An uptick in sales by foreign buyers and institutional investors is cutting into the supply, according to the latest edition of the Pulsometer real estate report prepared by Spanish Realtors Association, in collaboration with the Institute of Business Practice (IPE) and the National Network of Qualified Property Consultants (RAIC).
“The purchase of non-residents continues to rise, growing at a double-digit figures,” José Antonio Pérez, director of the real estate department of IPE, told reporters.
In some areas, such as the Costa del Sol, foreign buyers account for 90 percent of sales, compared to a 30 percent average nationally, the report says. That activity has effectively cut the supply of available homes for sale in many areas, where there has been no new construction.
In Madrid, the supply will shrink to 12,000 properties in 2015, an 80 percent drop from 2009, a new report says.
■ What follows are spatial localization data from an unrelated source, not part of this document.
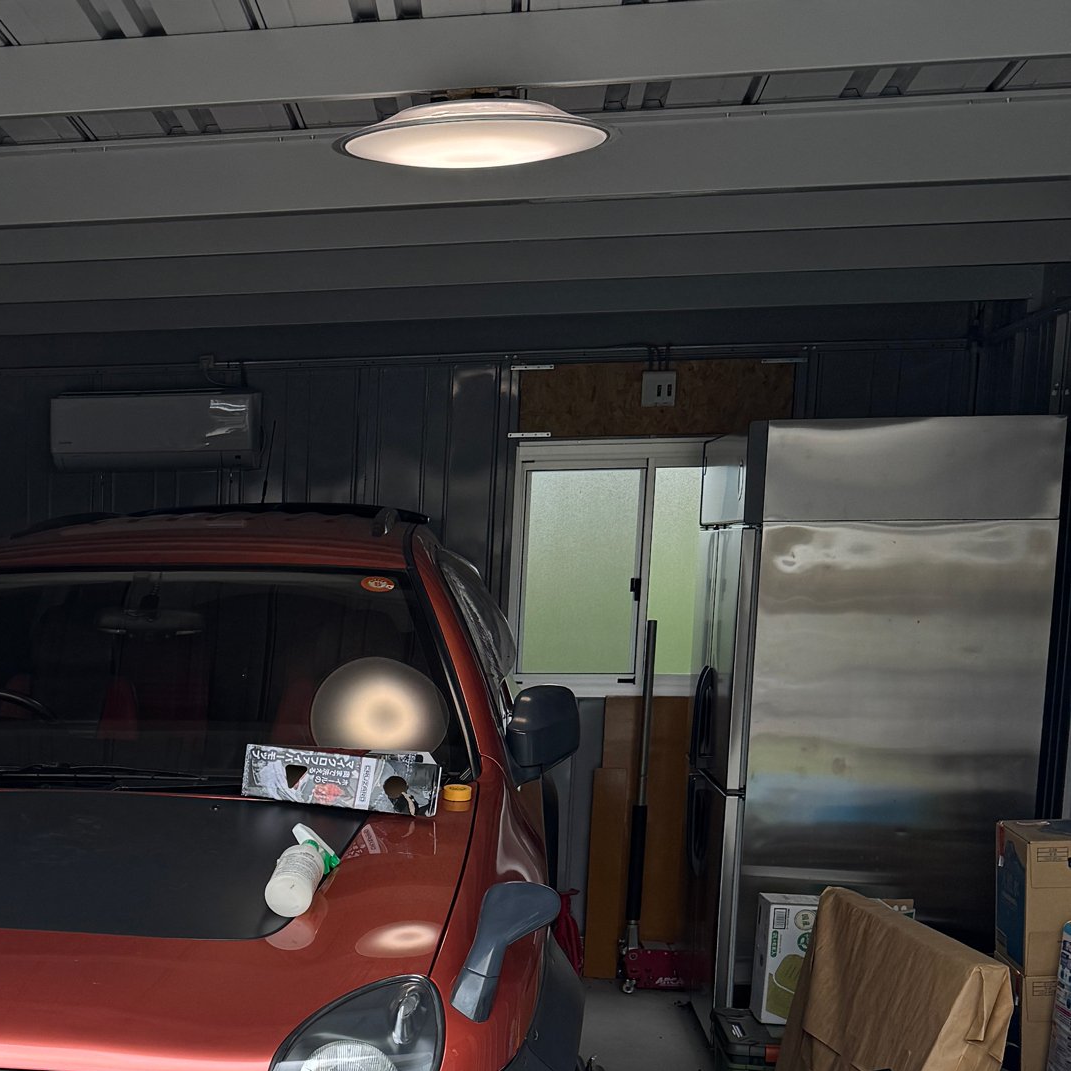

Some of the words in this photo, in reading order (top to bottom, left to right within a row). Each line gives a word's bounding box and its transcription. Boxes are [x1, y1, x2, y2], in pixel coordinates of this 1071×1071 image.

[252, 750, 354, 768] マイクロファイバーモップ
[655, 976, 684, 985] ARCA
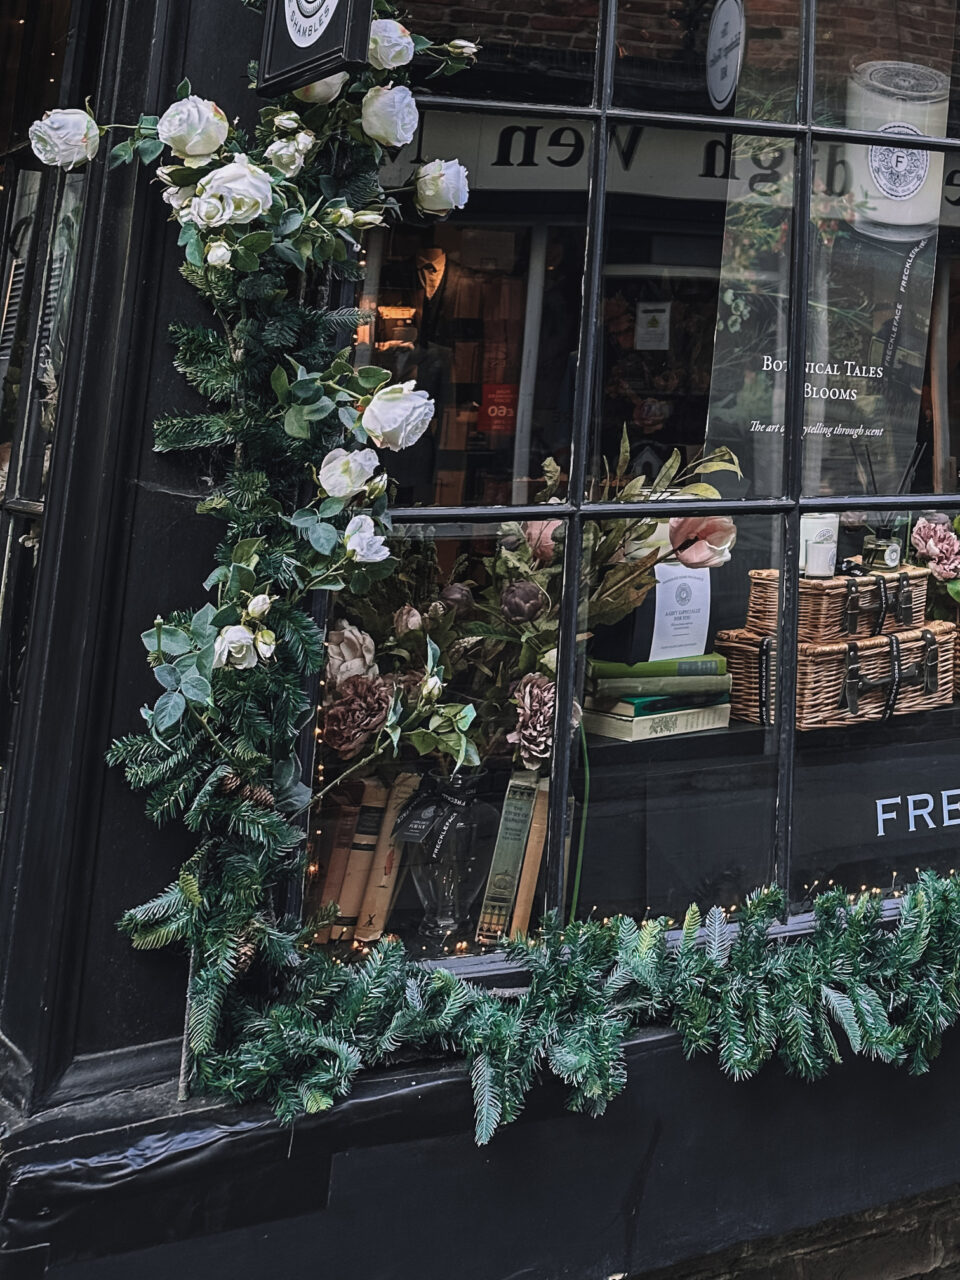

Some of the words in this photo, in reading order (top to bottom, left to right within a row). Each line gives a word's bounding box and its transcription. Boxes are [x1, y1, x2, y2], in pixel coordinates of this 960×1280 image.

[290, 4, 330, 37] SHAMBLES
[895, 155, 905, 168] F
[884, 302, 903, 367] FRECKLEFACE
[762, 355, 841, 376] BOTNICAL
[750, 420, 765, 432] The
[766, 423, 781, 432] art
[802, 422, 832, 440] ytelling
[833, 423, 864, 439] through
[865, 426, 884, 436] scent
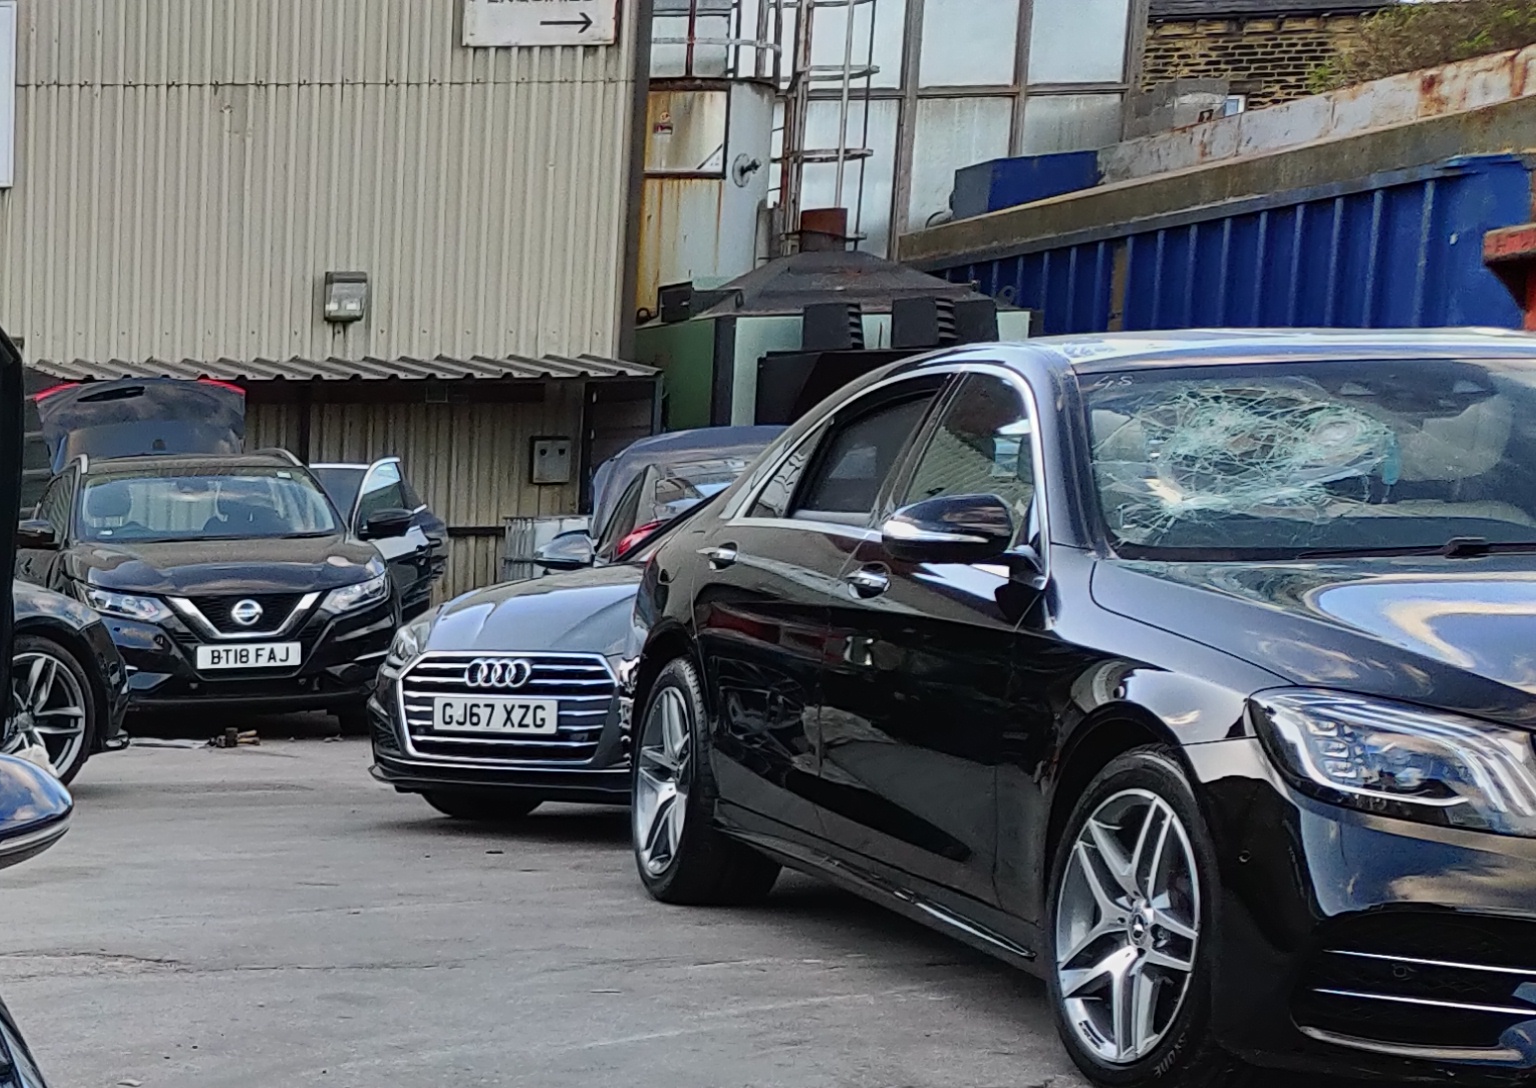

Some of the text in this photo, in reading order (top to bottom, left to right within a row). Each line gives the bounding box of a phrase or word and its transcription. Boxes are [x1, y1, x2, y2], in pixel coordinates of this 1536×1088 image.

[210, 646, 290, 666] BT18 FAJ
[442, 702, 547, 729] GJ67 XZG
The report forecasts more than 29,000 sales in Madrid in the next year, a return to 2008 and 2009 levels.
Due to stabilization in prices and “renewed interest from institutional investors,” the researchers anticipate the first signs of new construction in “certain localities” later this year.
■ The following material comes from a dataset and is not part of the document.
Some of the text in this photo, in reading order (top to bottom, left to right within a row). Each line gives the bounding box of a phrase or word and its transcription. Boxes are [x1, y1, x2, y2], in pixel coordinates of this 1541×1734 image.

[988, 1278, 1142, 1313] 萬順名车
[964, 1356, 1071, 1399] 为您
Overall, the report from the estate agents offers a boosterish tone, with plenty of “buy now” references. And the overall decline in supply is a bit deceiving. Many of the homes left in supply are half built or poorly constructed in bad locations, with little chance of ever selling.
The report also notes that two-thirds of the deals in many areas are all cash, which the report takes as a positive sign that investors are shifting funds into real estate. But that also demonstrates the exaggerated dependence on foreign buyers, who typically pay in cash, and the overall lack of available financing.
Any decrease in the oversupply of home is certainly welcome news for the property industry. But prices will have to start rising and domestic sales need to pick up before that will translate to a recovery in the market.